DEAR ABBY: About six months ago, I was at a friend's house. We were drinking heavily, and I started getting dizzy, so I went to lie down in her guest bedroom. She was already asleep.
The next thing I knew, her boyfriend was in there with me. He started taking my clothes off. I begged him to stop, but he wouldn't. I was so drunk I didn't have the strength to fight him off. I begged him to leave me alone, but he wouldn't. He raped me. I finally passed out and woke the next morning hoping it had been a dream. It wasn't. I was still naked and had bruises where he had held my wrists.
I left without saying a word and have told no one else. My girlfriend still calls, but I hang up. I need to tell her, but I don't know how. I also need to tell my family, but I can't because I'm afraid they will say I deserved it for going over there and getting drunk. I know I didn't deserve what he did to me. It has taken me this long to figure that out.
The pain has begun to fade, but the fear of him is still there. Abby, please help me find the courage to finally speak up and tell everyone about it. -- SCARED AND ALONE IN BRITTON, MICH.

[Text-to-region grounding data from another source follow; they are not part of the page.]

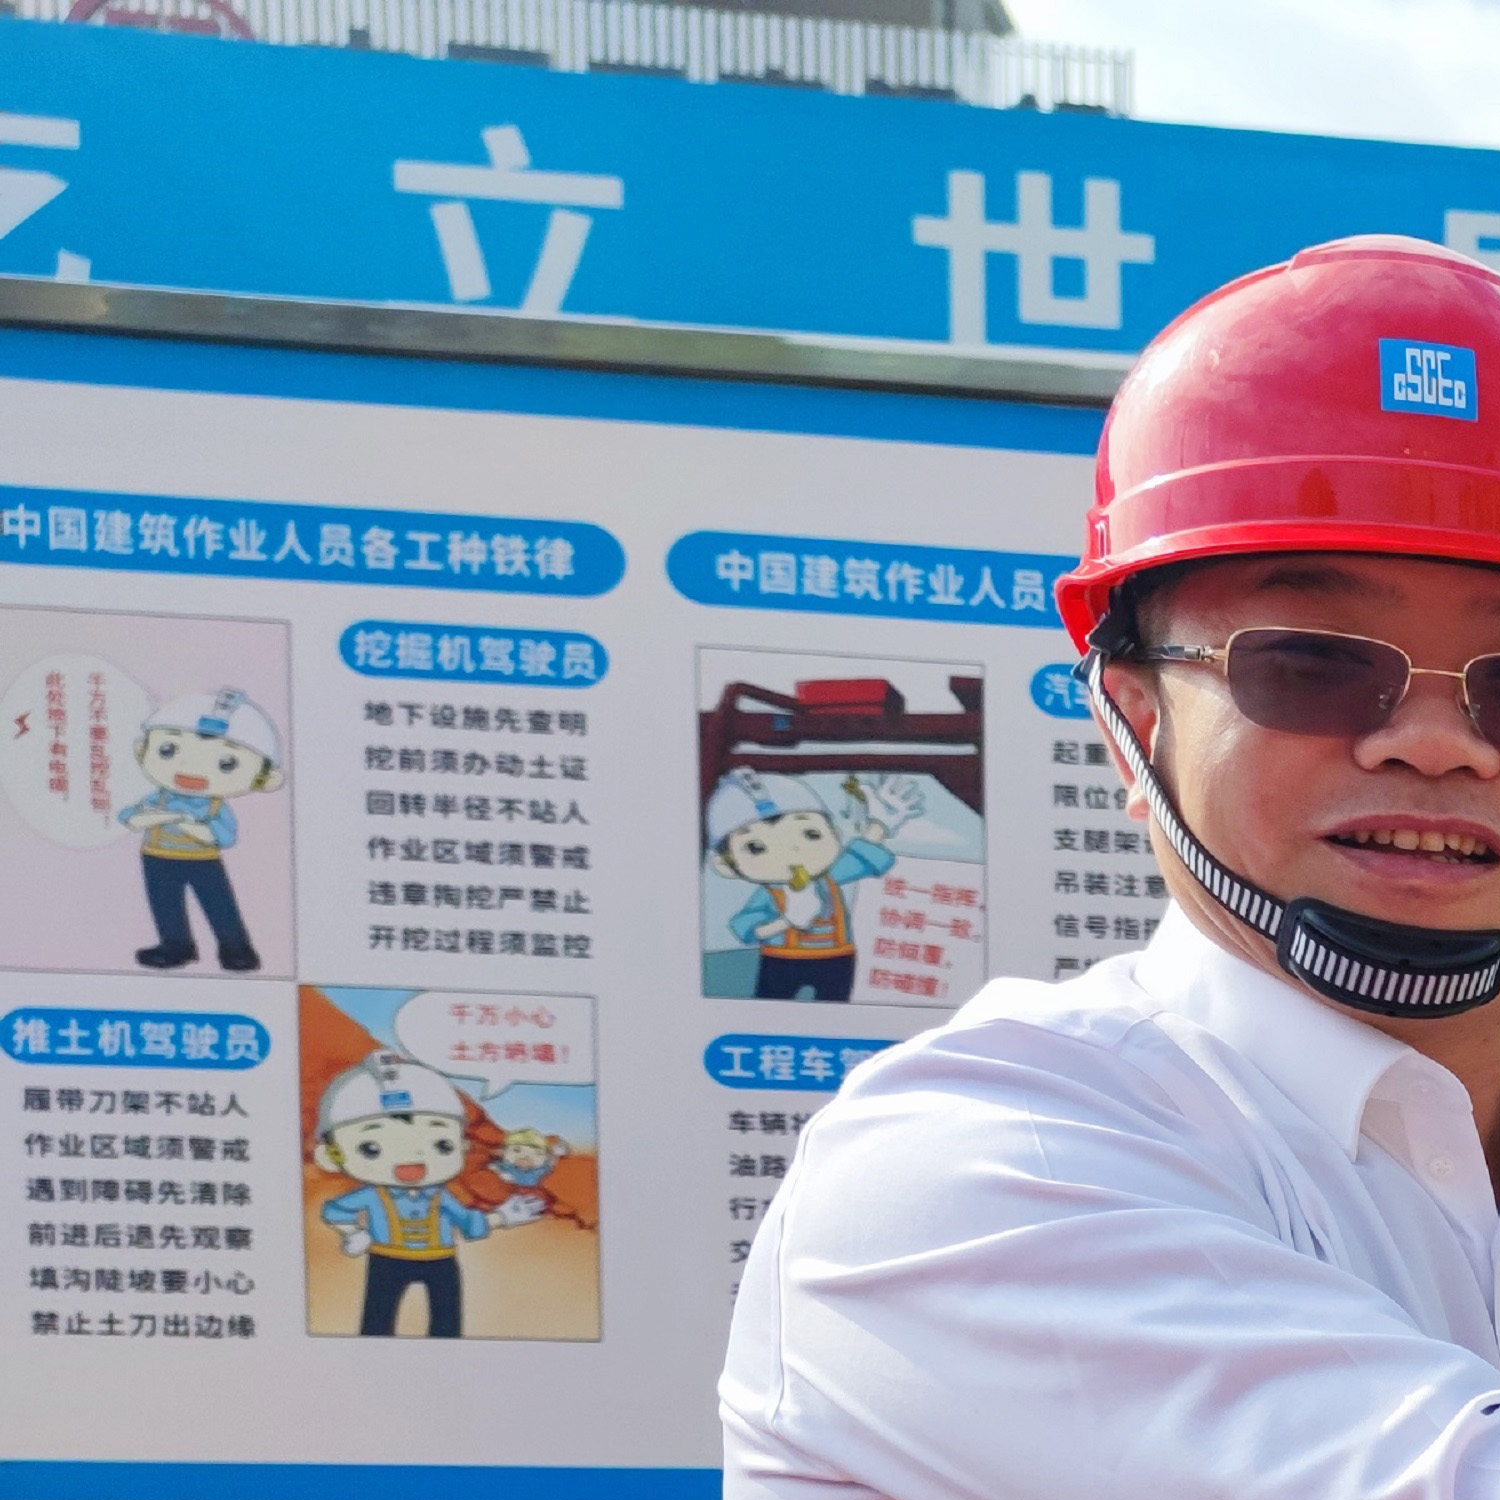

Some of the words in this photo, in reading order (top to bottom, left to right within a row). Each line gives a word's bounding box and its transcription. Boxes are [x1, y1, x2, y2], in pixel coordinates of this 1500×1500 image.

[0, 506, 576, 580] 中国建筑作业人员各工种铁律
[714, 550, 1058, 614] 中国建筑作业人员
[354, 630, 598, 681] 挖掘机驾驶员
[363, 700, 588, 737] 地下设施先查明
[364, 745, 589, 782] 挖前须办动土证
[365, 789, 590, 825] 回转半径不站人
[366, 836, 590, 871] 作业区域须警戒
[367, 880, 591, 915] 违章掏挖严禁止
[368, 924, 592, 960] 开挖过程须监控
[448, 1002, 558, 1030] 千万小心
[15, 1019, 257, 1060] 推土机驾驶员
[22, 1086, 248, 1117] 履带刀架不站人
[23, 1132, 251, 1163] 作业区域须警戒
[25, 1176, 251, 1207] 遇到障碍先清除
[27, 1222, 253, 1251] 前进后退先观察
[29, 1266, 256, 1296] 填沟陡坡要小心
[31, 1310, 256, 1340] 禁止土刀出边缘

DEAR SCARED AND ALONE: The penalty for having too much to drink should be a nasty hangover, not rape. You did not deserve what happened to you. I'm only sorry you waited so long to speak out about the assault. With fresh bruises and the evidence that could have been collected at that time, you would have had proof of your rape, and your attacker could have been jailed for his crime. Also, you could have begun therapy immediately to help you place the blame where it belonged -- on the rapist -- and saved yourself long months of undeserved guilt.
However, it is not too late to get the counseling and emotional support you need. Pick up the phone and ask "Information" for the number of the nearest rape hotline. You will find that you are not alone and are not "guilty" of any crime. Once you understand that, telling your family and the girl whose boyfriend attacked you will be much easier.

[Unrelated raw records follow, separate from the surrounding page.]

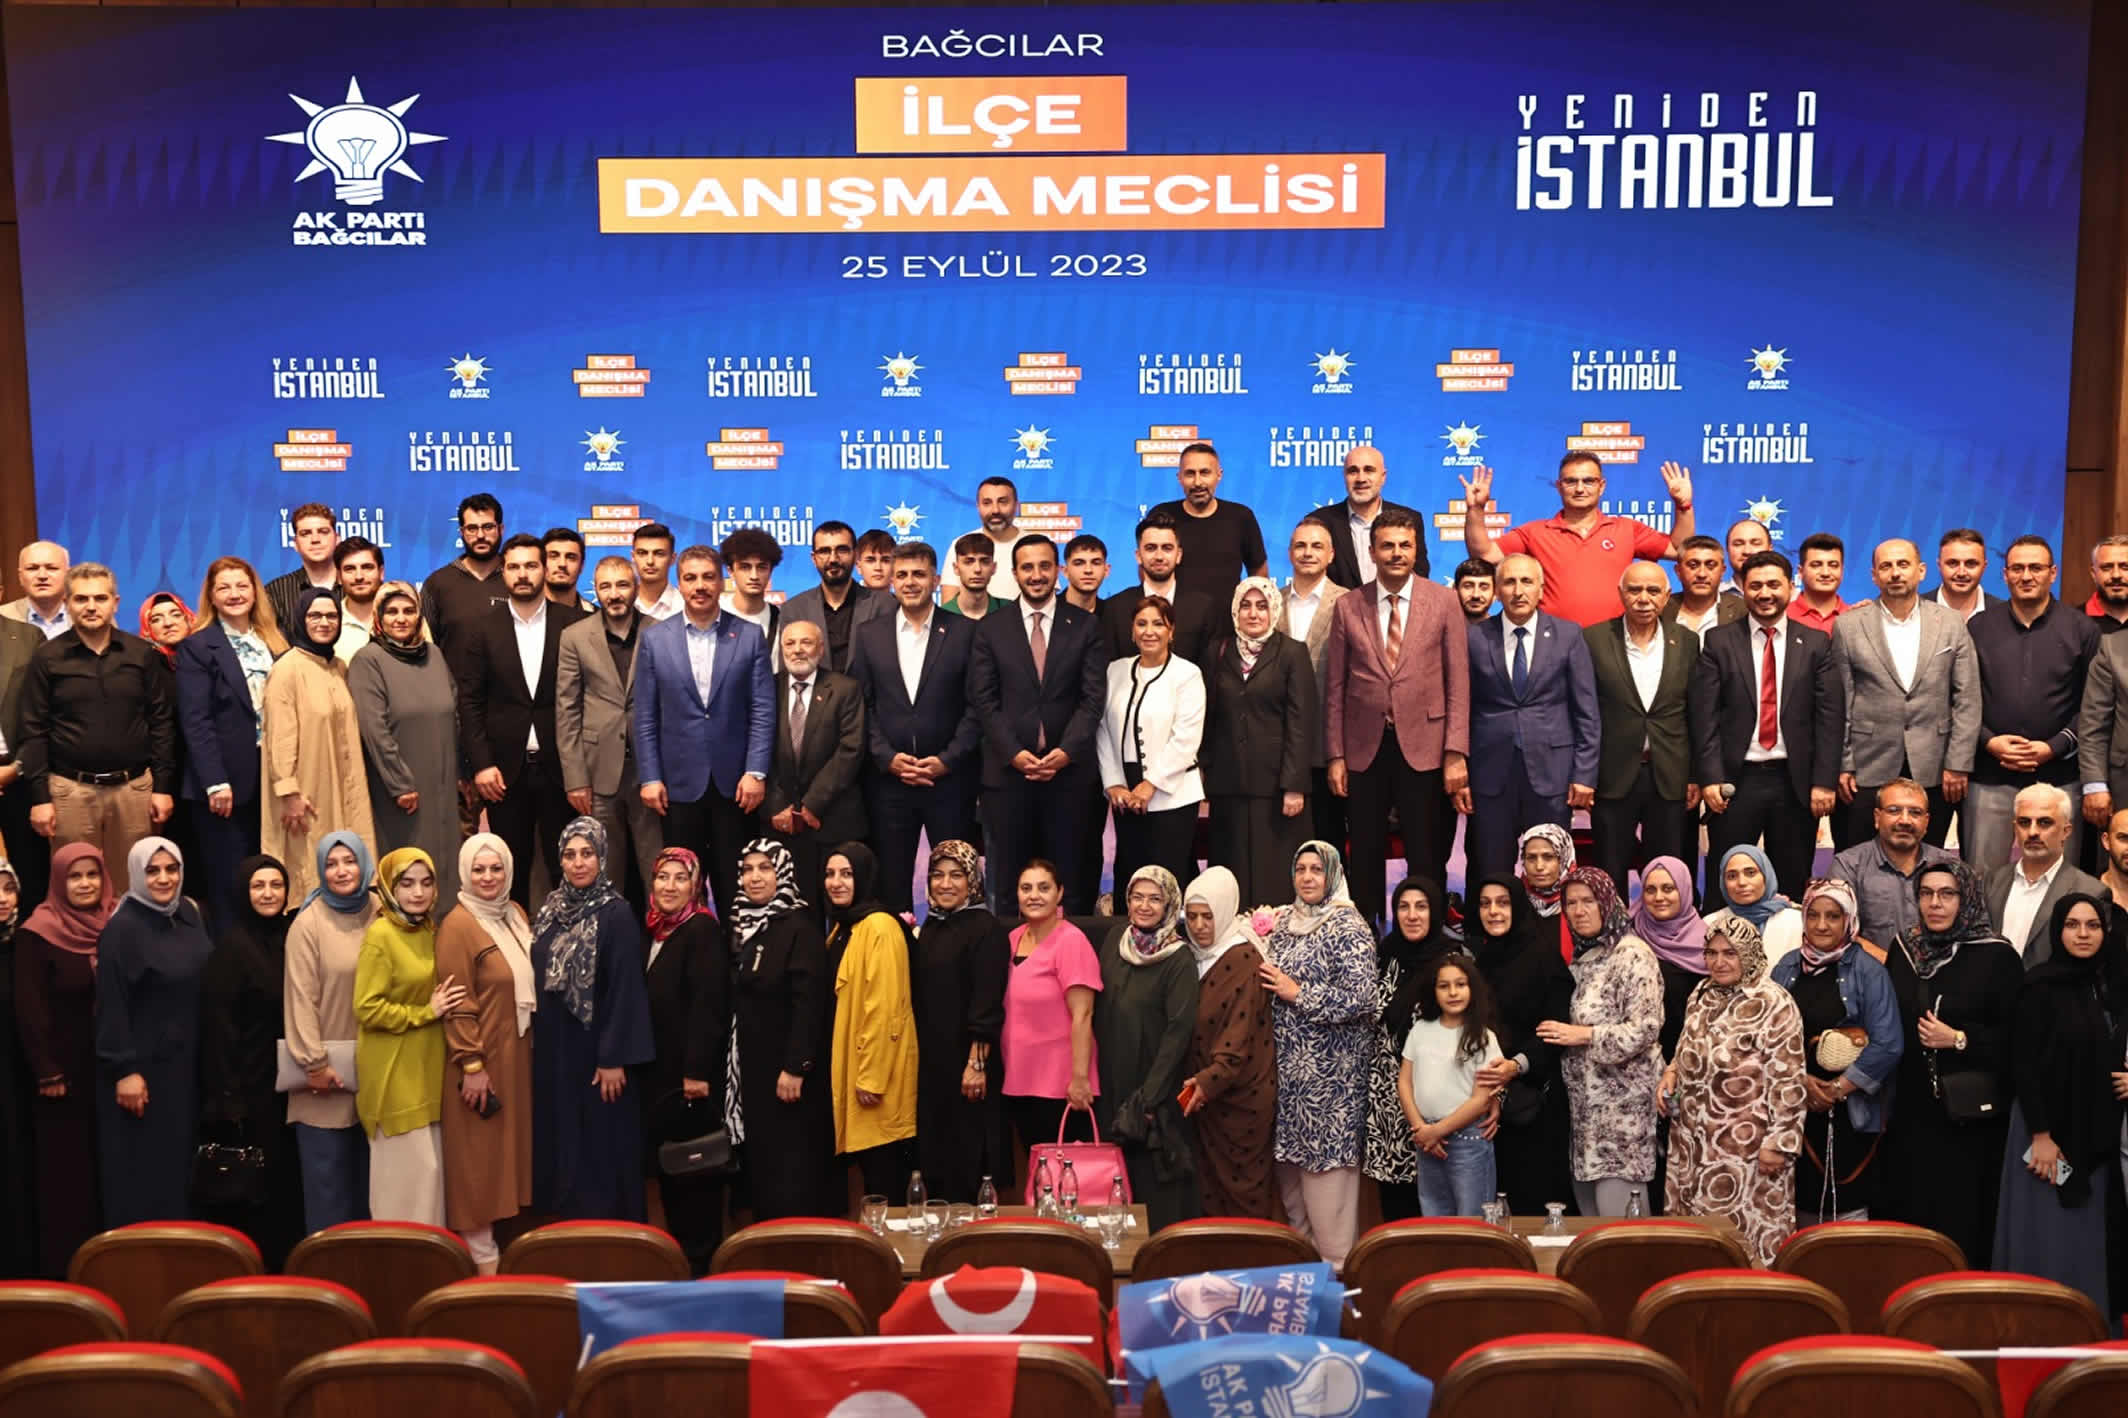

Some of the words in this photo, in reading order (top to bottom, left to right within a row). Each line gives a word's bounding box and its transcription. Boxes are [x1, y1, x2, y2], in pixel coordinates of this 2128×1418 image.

[884, 29, 1104, 57] BAĞCILAR
[903, 85, 1081, 148] İLÇE
[1516, 132, 1834, 210] İSTANBUL
[625, 177, 1010, 231] DANIŞMA
[1032, 163, 1358, 216] MECLİSİ
[293, 212, 337, 228] AK
[293, 228, 426, 246] BAĞCILAR
[842, 256, 888, 278] 25
[903, 250, 1037, 278] EYLÜL
[1050, 254, 1147, 277] 2023

DEAR ABBY: I'm in the doghouse with my mother. Last month, my daughter turned 21. As a gift, I planned a special three-day weekend for the two of us. We flew to San Diego and visited some attractions my daughter has always wanted to see -- Sea World and the zoo.
The problem: My mother lives in San Diego. She's mad that we didn't stay with her or visit. Abby, there are three reasons why we didn't contact her: She's very controlling and demanding and would have changed all the plans we made. Second, I wanted our weekend to be a father-daughter event. Third, we see Mom several times a year.
Mom says I should have invited her to some of the attractions. However, she doesn't like to walk and would have complained the whole time. She also said we should have invited her along for dinner, but my daughter and I share a taste for spicy foods, which Mom dislikes. In other words, there was no way to please her and have quality time with my daughter.
Was I wrong? Can't a father spend a special birthday with his child without turning it into a family reunion? Mom's not speaking to me or my daughter, but agreed to forgive and forget if you side with me. -– GENE IN IDAHO
DEAR GENE: I'm siding with you. Of course it is permissible for a father to share a special birthday with his daughter. Surely this isn't the first time family members have noticed that your mother can be difficult or self-centered. It's a sad situation, really, because if she were more flexible, she would have been welcomed.